* EXERCISE DESCRIPTION *
Transcribe these records exactly, dropping every picture.

* SUPPLIED RECORDS *
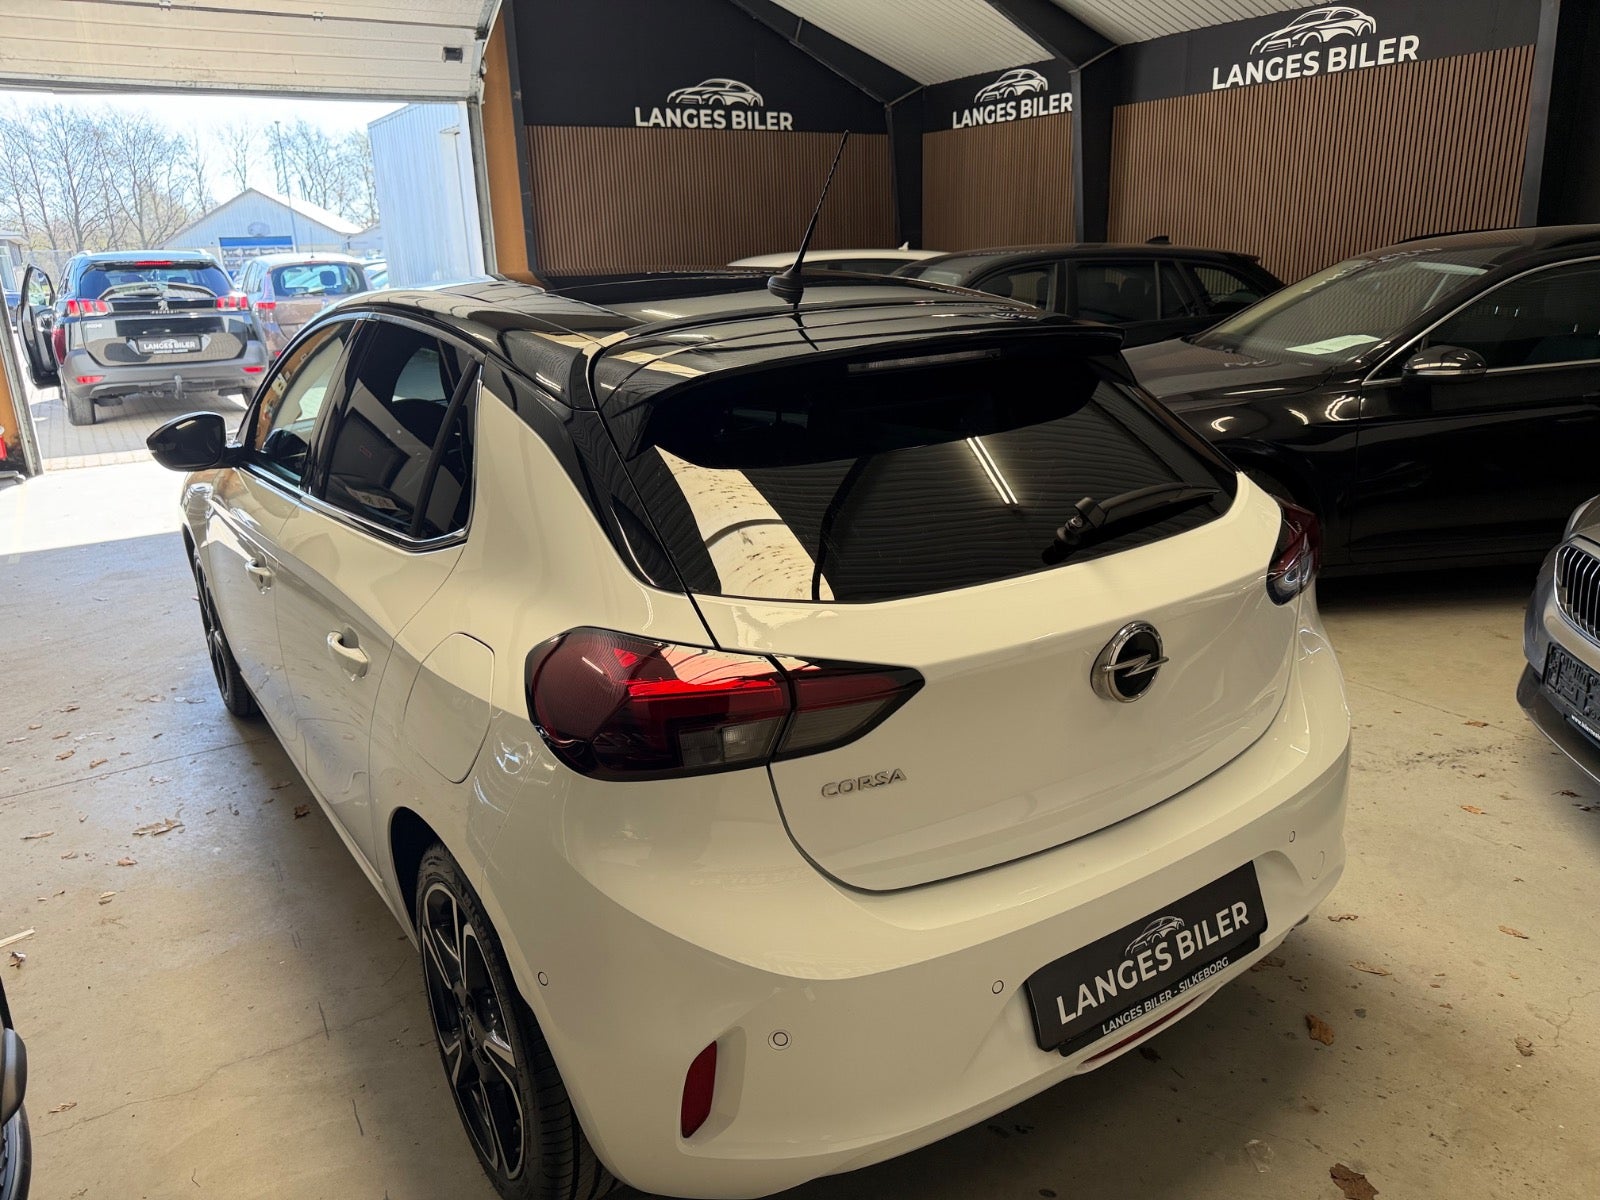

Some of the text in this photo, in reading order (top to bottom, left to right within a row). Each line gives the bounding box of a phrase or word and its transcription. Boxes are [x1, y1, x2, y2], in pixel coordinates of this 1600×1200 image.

[1212, 35, 1420, 90] LANGES BILER
[634, 107, 793, 131] LANGES BILER
[952, 92, 1073, 129] LANGES BILER
[143, 342, 173, 350] LANGES
[821, 768, 907, 798] CORSA
[1056, 901, 1250, 1025] LANGES BILER
[1102, 1005, 1143, 1035] LANGES
[1143, 990, 1173, 1014] BILER
[1178, 956, 1229, 996] SILKEBORG

* YOUR RESPONSE *
Some of the text in this photo, in reading order (top to bottom, left to right within a row). Each line gives the bounding box of a phrase or word and its transcription. Boxes are [x1, y1, x2, y2], in pixel coordinates of this 1600×1200 image.

[1212, 35, 1420, 90] LANGES BILER
[634, 107, 793, 131] LANGES BILER
[952, 92, 1073, 129] LANGES BILER
[143, 342, 173, 350] LANGES
[821, 768, 907, 798] CORSA
[1056, 901, 1250, 1025] LANGES BILER
[1102, 1005, 1143, 1035] LANGES
[1143, 990, 1173, 1014] BILER
[1178, 956, 1229, 996] SILKEBORG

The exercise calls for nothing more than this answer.